Demand for Bitcoin (BTC) has collapsed to a four-month low as the largest cryptocurrency struggles below $80,000, raising the odds of a prolonged consolidation phase.
Bitcoin Apparent Demand Hits 4-Month Trough
Demand readings have weakened sharply over recent days, with the apparent demand metric tracked by Capriole Investments sliding to -3,138 BTC.
That marks its weakest reading since mid-January, arriving as BTC stalled under heavy resistance just above the $80,000 mark.
CryptoQuant said in its latest Weekly Crypto report that overall demand has tipped into net contraction, with spot demand shrinking faster than in prior weeks.
US spot exchange-traded funds have piled on the pressure. Products tracked by SoSoValue shed roughly $979.7 million in the week ended May 19, layered on top of around $1 billion in outflows the previous week, ending a six-week run of inflows that had supported the spring rally.

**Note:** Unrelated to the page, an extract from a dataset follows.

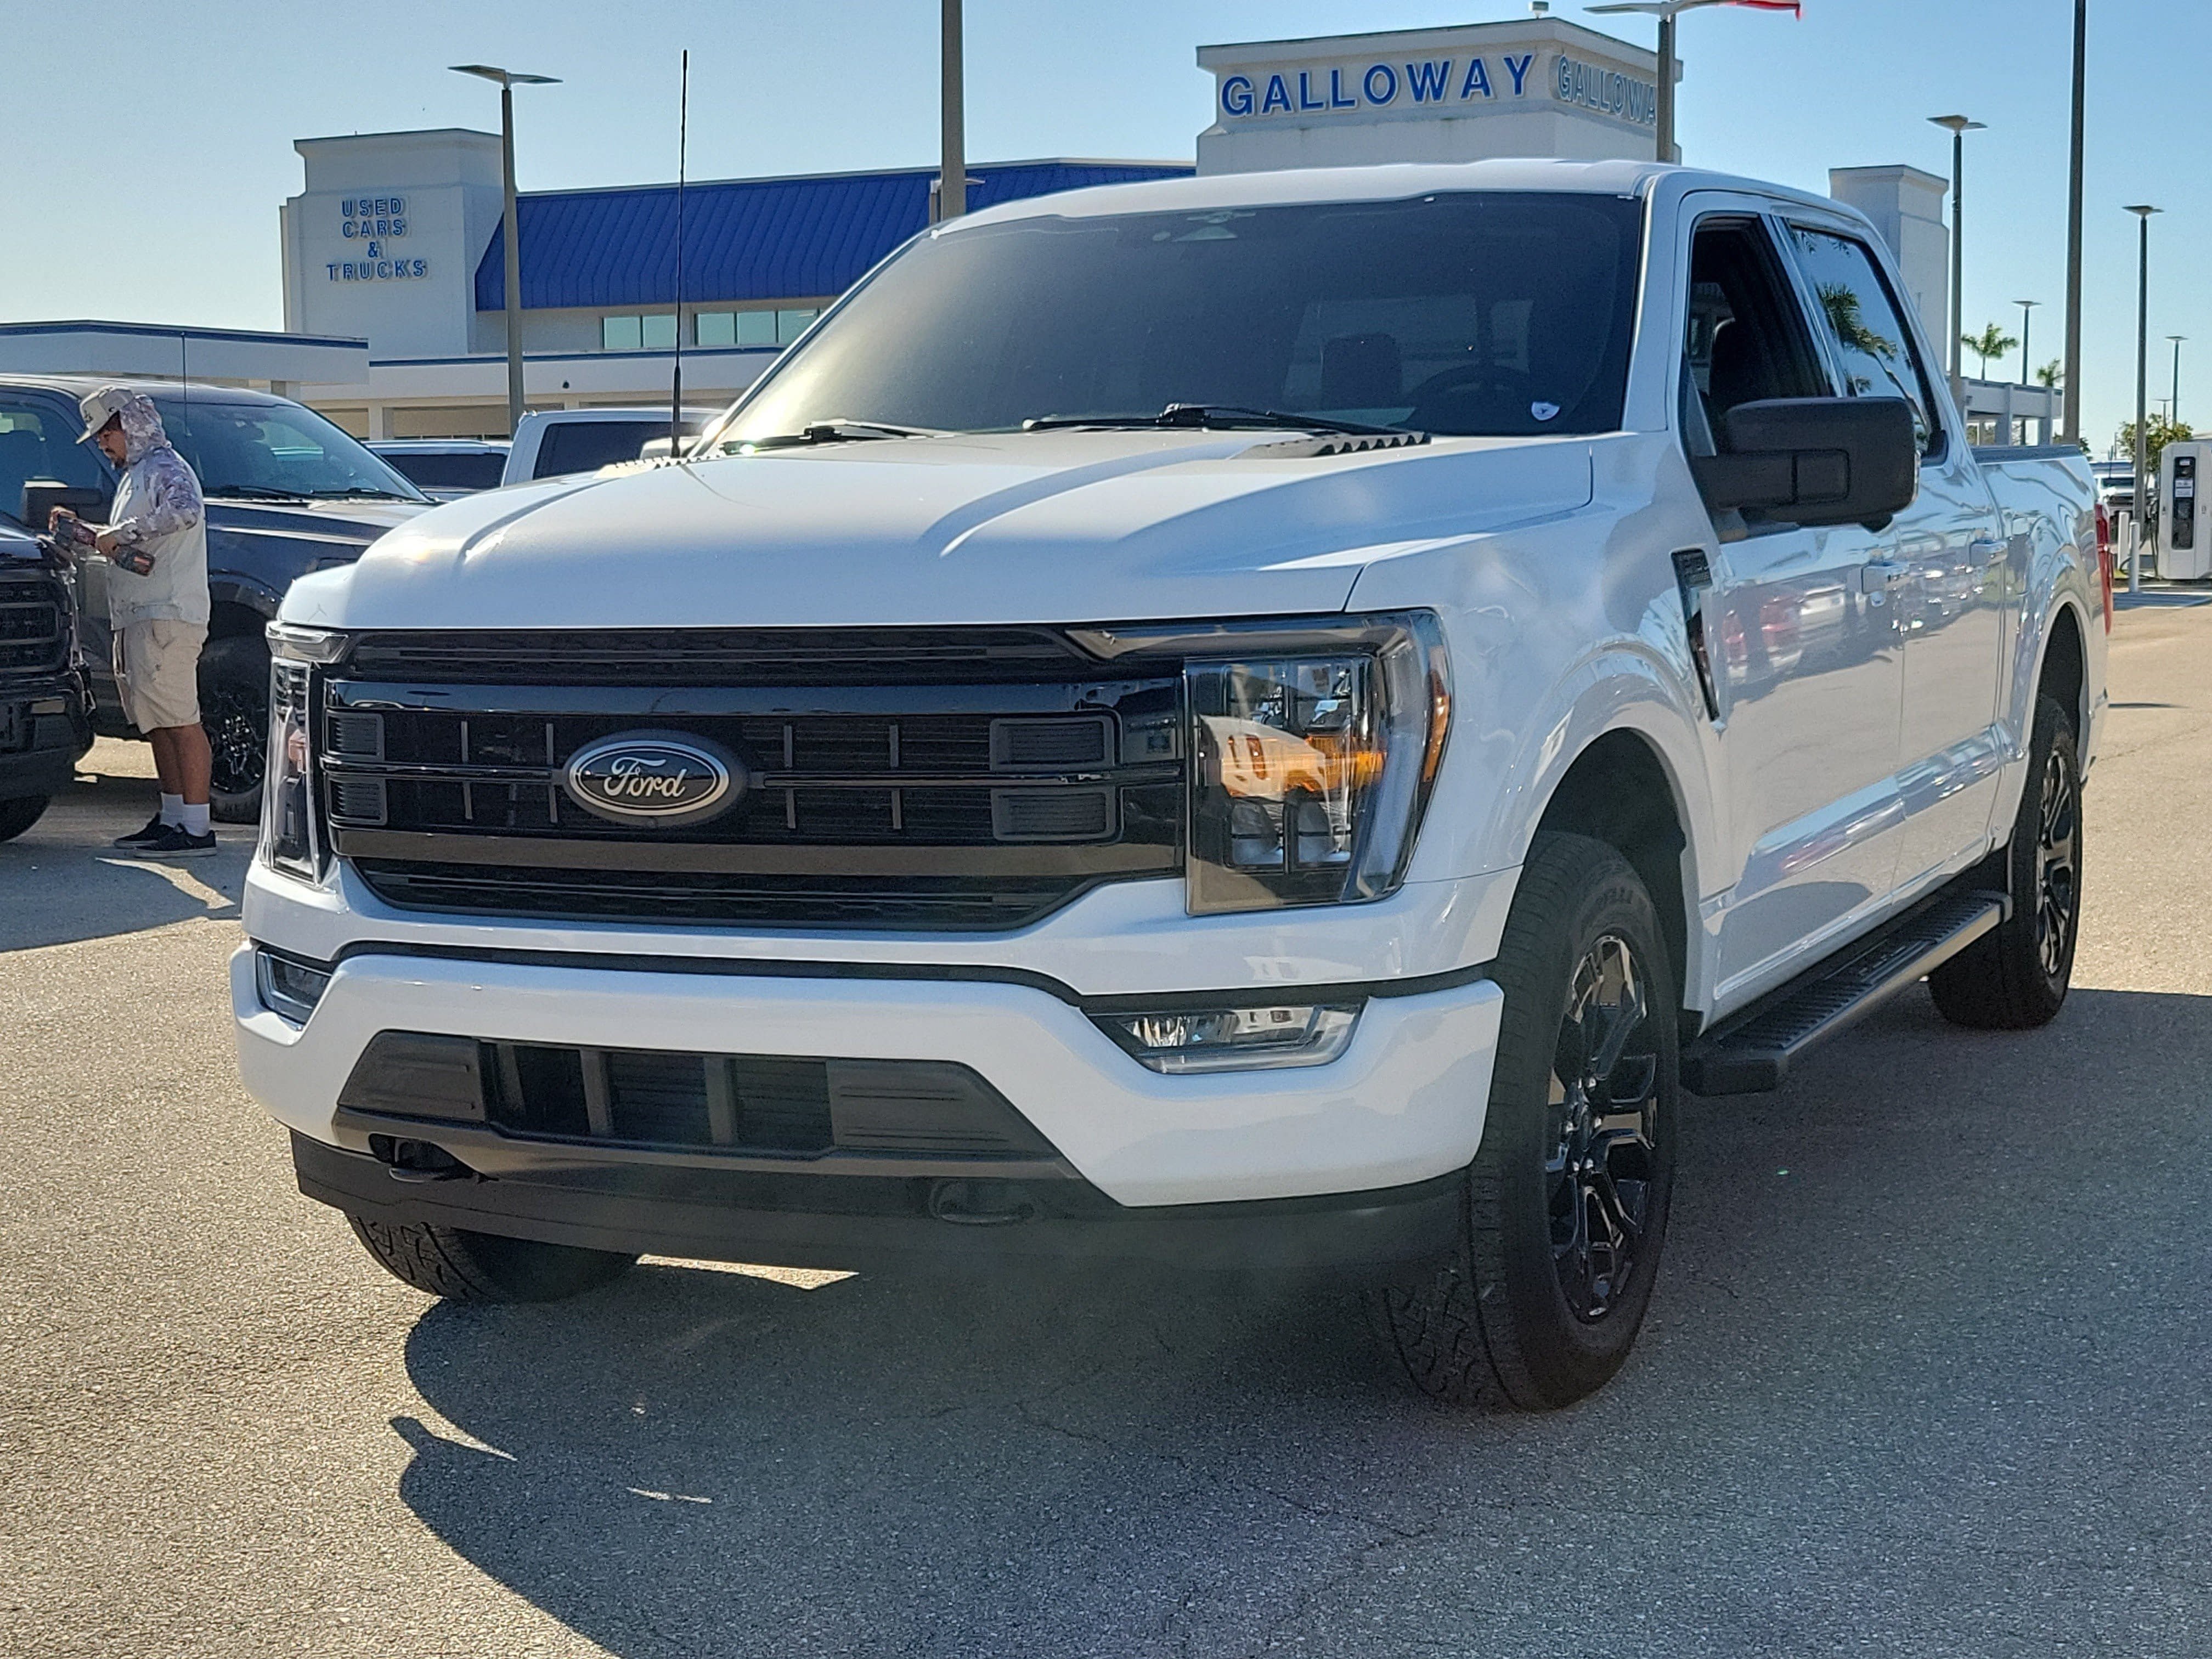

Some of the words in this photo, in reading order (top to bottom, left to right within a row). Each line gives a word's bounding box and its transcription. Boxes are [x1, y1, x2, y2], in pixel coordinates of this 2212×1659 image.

Also Read: Bitcoin Bulls Wake Up At $77,500, Yet The Macro Math Looks Brutal
Glassnode Flags Bear-Market Risk
Glassnode noted that the 30-day change in ETF holdings has dropped to its lowest level in roughly three months, signaling that outright spot demand is becoming less aggressive near the range highs.
Bitcoin's 38% rally from a $60,000 macro low to $82,800 lifted prices above the true market mean, currently near $78,300, a model that tracks the average acquisition cost of actively transacted supply.
Glassnode analysts argue reclaiming this level is necessary but not sufficient for a structural shift, since pre-bull phases historically need weeks or months of consolidation around the mean before any regime change can be confirmed.
A deeper correction from here would reframe the recent rally as a local top inside an ongoing bear market.
What CoinDesk Reports On Buyer Fatigue
Analysts flagged that CryptoQuant's Bull Score Index has slipped from 40 to 20, a level the firm labels extremely bearish.
The three pillars of the spring rally, leveraged futures buying, spot accumulation, and US ETF inflows, have all weakened in tandem.
Other analysts point to fading momentum, softer retail participation, and aggressive futures selling, with some warning BTC could test $65,000 if the $78,000 floor breaks.
Bitcoin has been trapped in a wide corridor since November 2025, when it slid from a $126,200 all-time high before bottoming near $60,000 in February. The asset then staged a roughly 38% rebound through April, only to stall under the 200-day moving average near $82,400 throughout May.